Number 30 was the home of Arthur Scovell, an electrician, at the turn of the 20th century and by 1911, frederick Clarke, the printer was based here. he later moved to larger premises on Church Street.

31 Stratford Road
This was for a time one of the grander houses in Wolverton and was the home to John Williams, Assistant Superintendent of the Carriage works and in 1901 home for John Appleton, the Manager of Mcorquodales. 
It is unclear to me at the moment when the shop frontage was added unless Stobies expanded here. There is no business using this address, even in the 1950s.

32 and 33 Stratford Road
During the WW Frederick Stobie established a furniture dealership at Number 32 and it remained in the family for at least two generations.
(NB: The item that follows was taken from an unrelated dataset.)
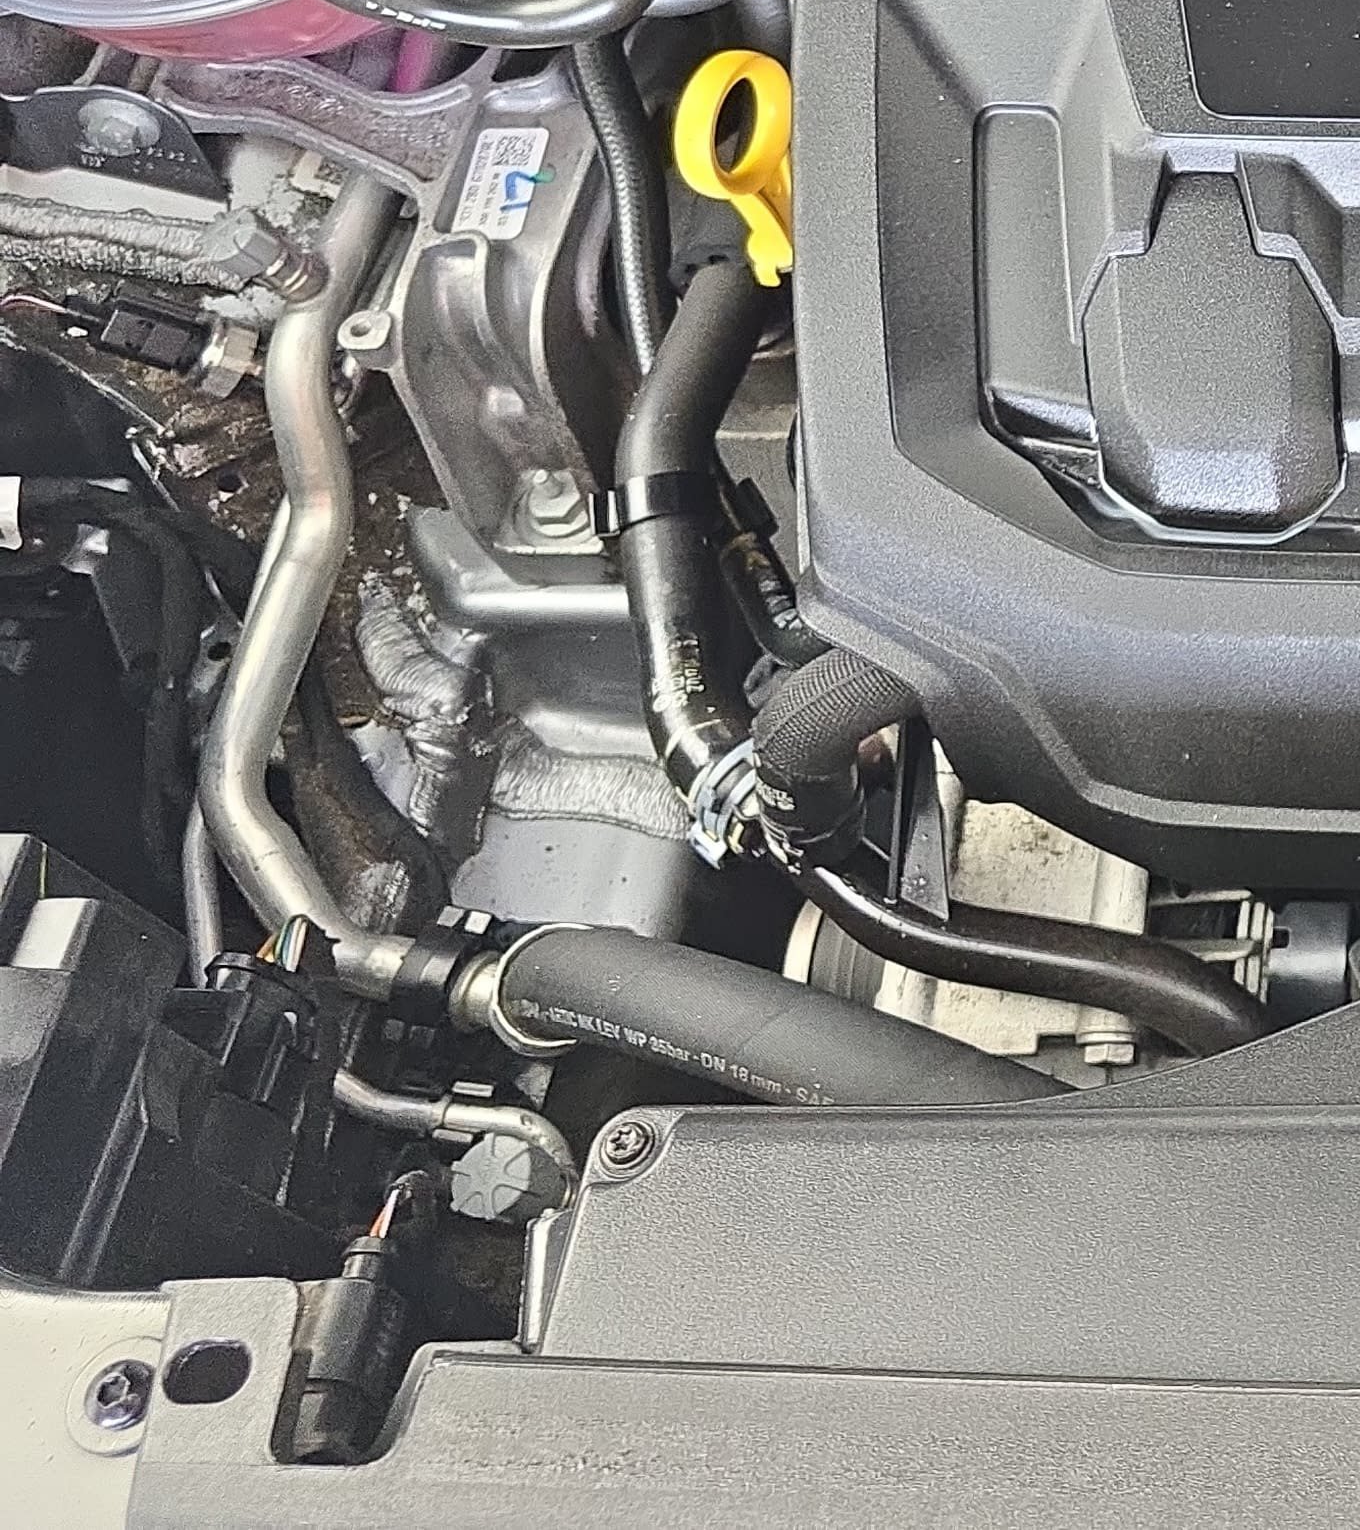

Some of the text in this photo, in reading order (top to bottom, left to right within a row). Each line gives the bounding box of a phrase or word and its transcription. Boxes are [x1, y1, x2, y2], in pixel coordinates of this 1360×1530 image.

[700, 1052, 726, 1072] DN
[730, 1064, 750, 1082] 18
[751, 1074, 782, 1094] mm
Number 32 was always a residence although there are signs in this recent photo of a shop conversion.

34 and 35 Stratford Road
Number 34 has been much modified from the original with a new shop frontage and new windows. Number 34 has retained its original frontage, although slate tiles have been replaced

36 and 37 Stratford Road
The house at Number 36 was residential until 1911 when William Airlie, and artificial teeth maker appears in 1911. Since then, and now for 100 years, it has been a dental surgery. The bay window, and the porch over the door may have been added in the 1950s. the wheel chair ramp is recent.
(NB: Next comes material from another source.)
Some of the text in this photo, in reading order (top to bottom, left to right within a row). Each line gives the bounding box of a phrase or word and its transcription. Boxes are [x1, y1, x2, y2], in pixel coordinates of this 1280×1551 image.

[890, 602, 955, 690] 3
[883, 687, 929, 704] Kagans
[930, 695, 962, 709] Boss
Number 37 became a branch practice for the Stony Stratford physician Arthur Habgood and continued under various partnerships - Habgood and Gooch, Bull, Habgood and Lawrence, Lawrence, Douglas and Witheridge until more modern clinics evolved. It has now reverted to a private hoise.

38 and 39 Stratford Road
These two have stayed as private houses since they were built in 1860. Number 38 concludes the terrace of four with a round arch doorway, although this house has replaced the original sash window with a bow window.
Number 39 begins another series with rounded arch upper windows and faux stone facing. Note how steps appear as the Stratford Road dips and the level of the terrace is maintained.

40 Stratford Road
This larger, double-fronted house, built in the same style and probably by the same builder as No. 39 was a private residence for some years and then became a coffee house. Later he converted it into a "Temperance Hotel", providing accommodation for travellers who did not wish to stay at the licensed hotels - the Royal Engineer, the North Western and the Vic.

41 Stratford Road
This is the last of the three houses with arched upper windows. Like No. 39 it has retained its status as a  family residence and the facing on the front wall is presumably original.

42 and 43 Stratford Road
There is no evidence for shop conversions here until 1939, when Archie Day opened his ironmongery at No. 42. As you can see the frontages are a later design from some of the earlier conversions to the east.

44 Stratford Road
This substantial house was, until the development of Cambridge Street in the 1890s, on the western edge of Wolverton. It was Number 1 Stratford Road until 1900, when the local authorities decided on a more logical numbering system for Wolverton house and businesses, and after almost 40 years of being 1, Stratford Road, it was re-numbered as 44.
Each house now has a long history. Some, like the rather fine looking house at Number 23, have maintained their residential status throughout, while others have been converted into commercial premises.